Seven key steps to improving the digital customer experience
Country manager of UK and Ireland, Matthew Parker from Vonage, a global business cloud communications leader, shares his thoughts on the key lessons from the recent ‘Reimagining digital customer experience and brand engagement’ roundtable event
At the roundtable, the passion for customer experience came across from everyone, loud and clear. There were plenty of great statistics in there, too; I love stats. I wrote down seven things during the discussion, and these are my key takeaways.
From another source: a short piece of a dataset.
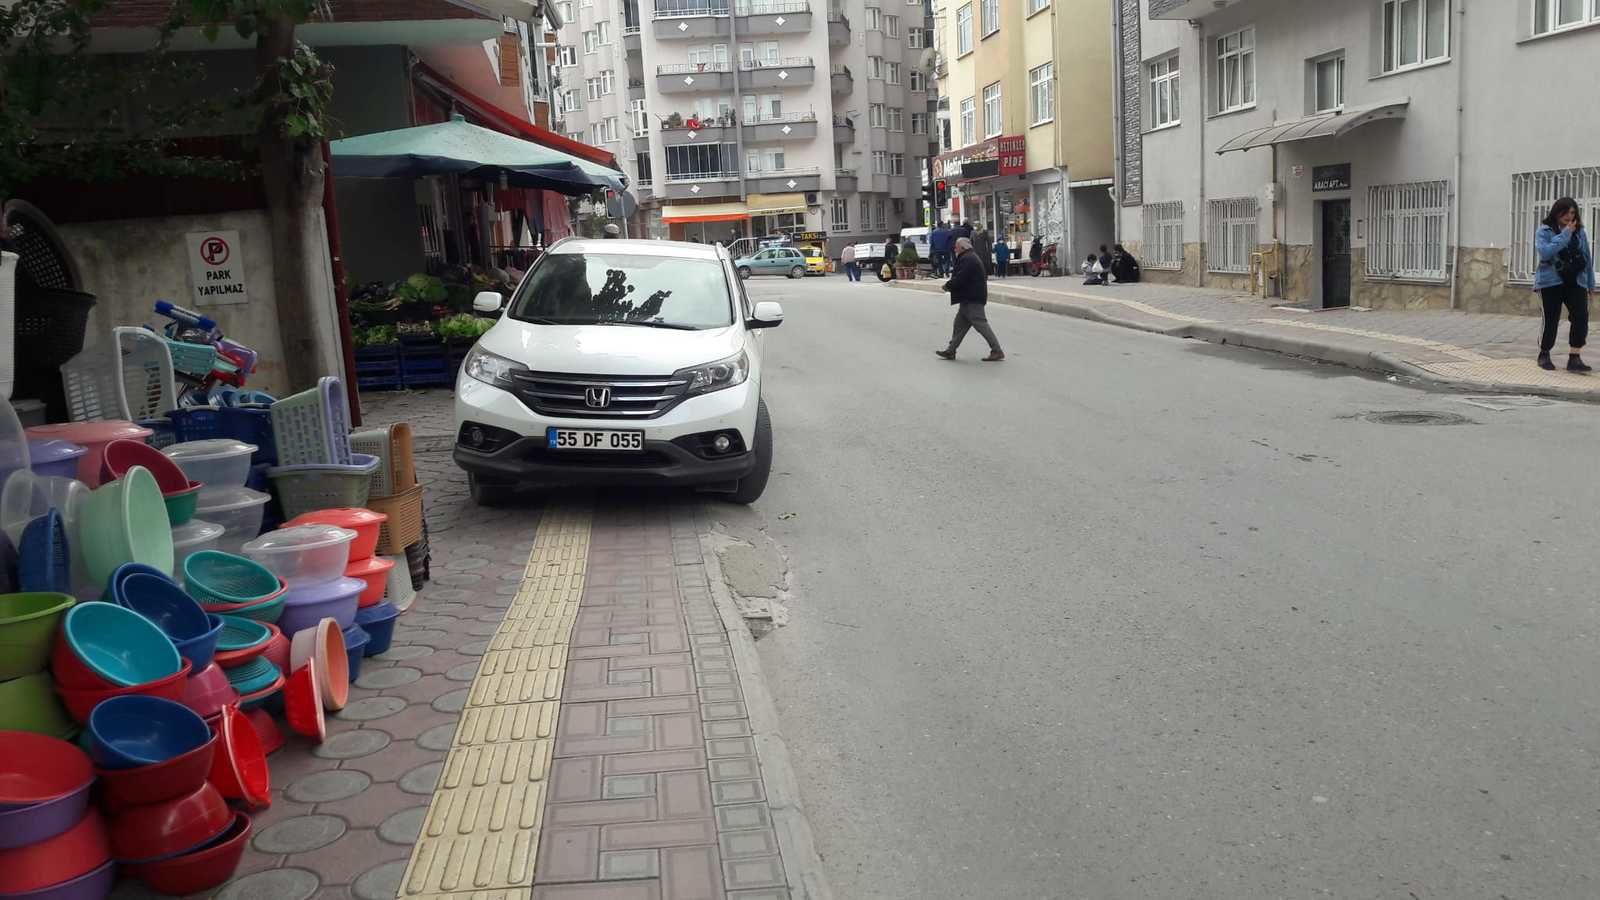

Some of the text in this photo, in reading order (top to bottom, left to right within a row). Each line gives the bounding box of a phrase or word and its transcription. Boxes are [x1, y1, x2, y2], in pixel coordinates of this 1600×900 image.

[206, 269, 231, 280] PARK
[198, 284, 244, 296] YAPILMAZ
[557, 431, 640, 448] 55 DF 055
Humans: We discussed the evolution of humans and how technology has to be intuitive. I think there is a link between humans and smart automation. Certainly, natural language processing and understanding sentiments in emails and messages is an area of investment and innovation. As another classic example, though, you want to know where your parcel is on its journey to your door. It’s a commonly asked, simple question that can be solved by automation. Tracking technology means that humans are not needed, but there are plenty of other things that do require human input and touch.
Trust: Someone mentioned trust. And a few people had different definitions of trust, but the two words I took away, linked to developing consumer trust and loyalty, were security and integrity.
The ecommerce journey: This was another subject. There was a great stat on ecommerce growth: the pandemic spurred a 130% increase in ecommerce adoption. But looking at the ecommerce journey is so important, especially when working out where to remove friction.
Experimentation: Someone said: “Have a go and try digital transformation.” I love that. I attended an Amazon Web Services (AWS) summit a few years ago, and despite that digital transformation had been around for a long time, thousands of people there were wondering where to start. The speaker on stage, from AWS, said: “Just have a go, just have a go, pick your burning platform and just have a go.” In many ways, that’s still going on, which is great to hear.
Brand connection and value exchange: Together these make a potent combination. There has to be something for the customer in return for their data.
The use of data: This final point wraps the session up nicely. Collecting data in itself is not necessarily a bad thing, but it has to have a context in terms of how an organisation will use the data. That’s the essential bit. Then there is the integration of that data in the customer journey. For example, we all get driven mad if we are on an interactive voice response for 20 minutes and then, having filled out the information, the human customer support person asks us the same questions.